To that he responded "Please don’t give me libraries. Please provide derivations." (never mind that there is no closed-form solution even for the maximum likelihood solution of a binomial GLM).

Anyway, would somebody here be able to give some feedback on this whole discussion, preferably from a formal statistical angle, so that it could potentially please Taleb? And specifically also on the issue of complete separation and how to best deal with it in 2-sample binomial tests or logistic regressions, and what the best options would be there to obtain exact p values.

EDIT: Thinking about the possible options a bit more, an exact unconditional test to compare two independent binomial proportions would probably be most correct. E.g. using Boschloo's test (https://en.wikipedia.org/wiki/Boschloo%27s_test):

library(Exact)
exact.test(rbind(c(0,2392), c(5,2470-5)), method="Boschloo", alternative="two.sided", model="Binomial") 
# Boschloo's test, 2-tailed p = 0.06223
exact.test(rbind(c(0,2392), c(5,2470-5)), method="Boschloo", alternative="less", model="Binomial") 
# Boschloo's test, 1-tailed p = 0.03196

Though that exact.test function seems to have quite a lot of different methods, and I am unsure myself which would be best (in particular for the case with low counts and a group with a binomial expectation of p=0), as I haven't dug into the details of all those methods.
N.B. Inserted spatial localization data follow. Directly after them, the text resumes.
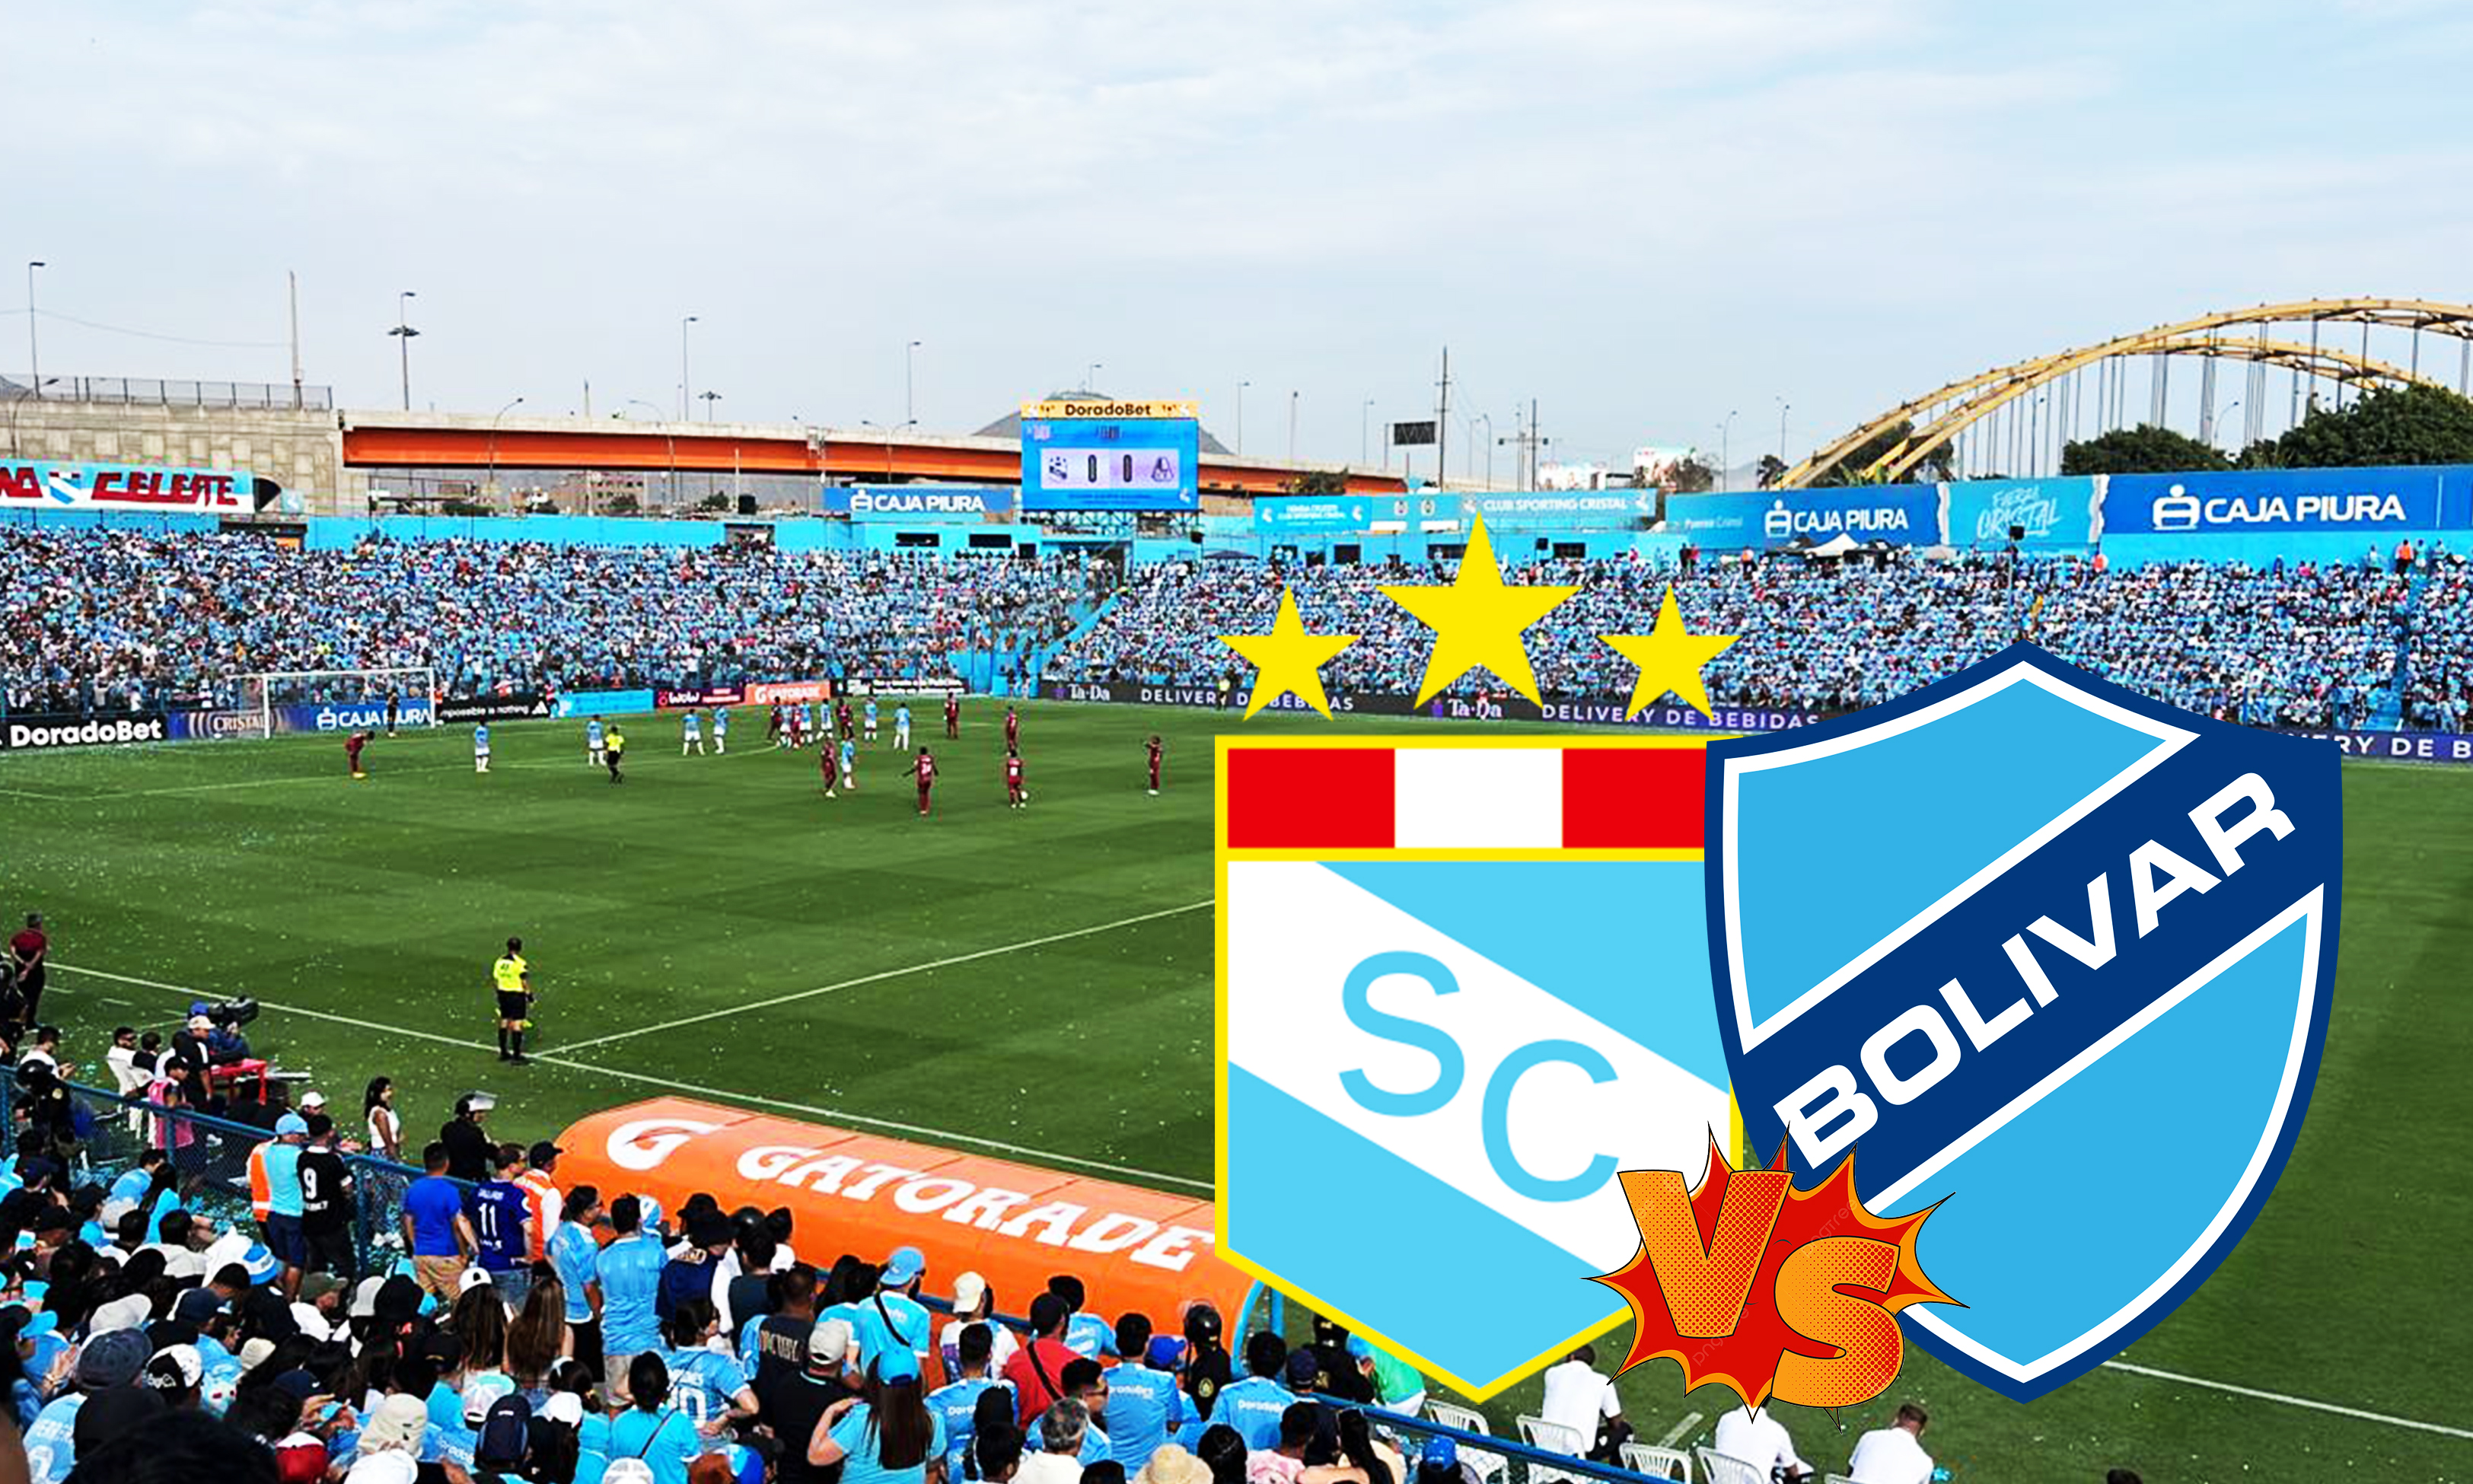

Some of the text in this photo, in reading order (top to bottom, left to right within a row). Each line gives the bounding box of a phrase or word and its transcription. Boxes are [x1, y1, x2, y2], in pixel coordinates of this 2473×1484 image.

[1064, 403, 1152, 417] DoradoBet
[874, 494, 986, 511] CAJA PIURA
[1483, 497, 1628, 511] CLUB SPORTING CRISTAL
[2204, 494, 2407, 524] CAJA PIURA
[1793, 508, 1909, 533] CAJA PIURA
[1141, 687, 1218, 705] DELIVER
[1269, 693, 1354, 711] BEBAS
[338, 708, 432, 727] CAJA PURA
[441, 706, 486, 718] mpossible
[1665, 709, 1697, 726] DE
[1708, 712, 1819, 730] BEBIDAS
[10, 718, 162, 747] DoradoBet
[2391, 737, 2434, 757] DE
[303, 1167, 317, 1200] 9
[736, 1145, 1215, 1271] GATORADE
[478, 1202, 498, 1238] 11
E.g. method="Z-pooled" gives more optimistic p values, closer to the p-value I get via the Liddell-like MC method to test the proportions against a common p=5/(2392+2470) above:

exact.test(rbind(c(0,2392), c(5,2470-5)), method="Z-pooled", alternative="two.sided", model="Binomial") 
# 2-tailed p-value = 0.02809
exact.test(rbind(c(0,2392), c(5,2470-5)), method="Z-pooled", alternative="less", model="Binomial") 
# 1-tailed p-value = 0.01425

Likewise, using library(exact2x2) and using method="FisherAdj" I am getting such more optimistic p values :

uncondExact2x2(0, 2392, 5, 2470, alternative="two.sided", method="FisherAdj") 
# 2-tailed p = 0.03417
uncondExact2x2(0, 2392, 5, 2470, alternative="greater", method="FisherAdj") 
# 1-tailed p = 0.01709

Thoughts on which of these tests would be most appropriate here would be welcome.

On another note, if one would take into account false-negative PCR tests (in the same way that Taleb likes to take into account false-positives in the antibody tests) this might change conclusions quite a bit… Also pretty sure that one would need to know which individuals were subjected to each type of test, and what the counts were for all the other respiratory viruses they were tested for.

Best Answer

Your 2-sided test implicitly allots exactly half of your 5% significance level to "masks are harmful" ($M_-$) and the other half to "masks are beneficial" ($M_+$). To a Bayesian like Taleb that might suggest that you aren't properly thinking about your prior, because it implies that the amount of evidence it would take you to accept $M_-$ is exactly equal to the amount it would take you to accept $M_+$, even though $M_+$ is intuitively more likely (to me, at least - if you had asked me a year ago whether wearing a mask would be more likely to increase or decrease the risk of catching a respiratory virus, I would have said decrease).

And it seems to me that since the single independent variable was binary, using Firth's logistic regression over Fisher's exact test doesn't add much value.

But your core point was that most of the doubt that mask wearing reduced PCR infections in the trial comes from the presence of uncertainty in the estimate $p=\frac{5}{2470}$. This seems unarguable.

Taleb says: "You don’t get it. BTW I added a double column table joint distribution a la Fisher." Maybe that's his way of saving face while admitting that you raised a valid criticism.